··· Available records
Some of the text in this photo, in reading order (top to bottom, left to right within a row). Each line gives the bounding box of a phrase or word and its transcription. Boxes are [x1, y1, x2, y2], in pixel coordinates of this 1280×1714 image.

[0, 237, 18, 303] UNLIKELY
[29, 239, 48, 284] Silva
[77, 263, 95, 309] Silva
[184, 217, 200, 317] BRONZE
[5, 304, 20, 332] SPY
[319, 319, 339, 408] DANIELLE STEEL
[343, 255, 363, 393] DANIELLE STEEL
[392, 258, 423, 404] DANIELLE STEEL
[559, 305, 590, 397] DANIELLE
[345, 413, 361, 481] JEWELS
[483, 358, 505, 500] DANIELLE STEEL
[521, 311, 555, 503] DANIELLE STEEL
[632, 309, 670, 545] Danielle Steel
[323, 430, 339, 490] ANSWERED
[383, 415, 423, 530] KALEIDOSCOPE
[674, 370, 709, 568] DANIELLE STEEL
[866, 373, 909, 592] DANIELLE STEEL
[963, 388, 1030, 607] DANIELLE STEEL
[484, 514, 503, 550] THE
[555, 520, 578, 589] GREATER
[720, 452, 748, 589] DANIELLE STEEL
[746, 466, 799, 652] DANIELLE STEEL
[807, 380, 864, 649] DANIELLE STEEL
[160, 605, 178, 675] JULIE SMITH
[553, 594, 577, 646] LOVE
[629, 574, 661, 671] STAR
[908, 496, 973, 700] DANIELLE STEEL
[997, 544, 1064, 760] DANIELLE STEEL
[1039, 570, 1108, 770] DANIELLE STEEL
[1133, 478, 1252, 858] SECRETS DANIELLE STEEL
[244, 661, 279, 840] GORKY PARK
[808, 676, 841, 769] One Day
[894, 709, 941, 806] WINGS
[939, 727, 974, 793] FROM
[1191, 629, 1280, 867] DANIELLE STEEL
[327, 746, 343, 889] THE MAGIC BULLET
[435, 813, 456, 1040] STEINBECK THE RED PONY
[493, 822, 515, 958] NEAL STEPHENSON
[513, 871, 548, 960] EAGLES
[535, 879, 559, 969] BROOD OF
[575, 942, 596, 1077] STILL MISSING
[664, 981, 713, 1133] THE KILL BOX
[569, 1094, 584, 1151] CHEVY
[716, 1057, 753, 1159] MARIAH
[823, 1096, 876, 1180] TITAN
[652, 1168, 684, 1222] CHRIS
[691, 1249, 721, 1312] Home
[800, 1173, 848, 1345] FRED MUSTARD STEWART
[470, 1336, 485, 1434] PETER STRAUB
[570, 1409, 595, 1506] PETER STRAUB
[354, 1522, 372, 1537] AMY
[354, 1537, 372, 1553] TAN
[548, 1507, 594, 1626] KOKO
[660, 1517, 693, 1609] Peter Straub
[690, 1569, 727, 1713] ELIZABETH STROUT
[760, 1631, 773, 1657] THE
······
> _Required action_: Count the lines above in which the string "Silva" occurs, and write the number with no other text.

> _Response_: 2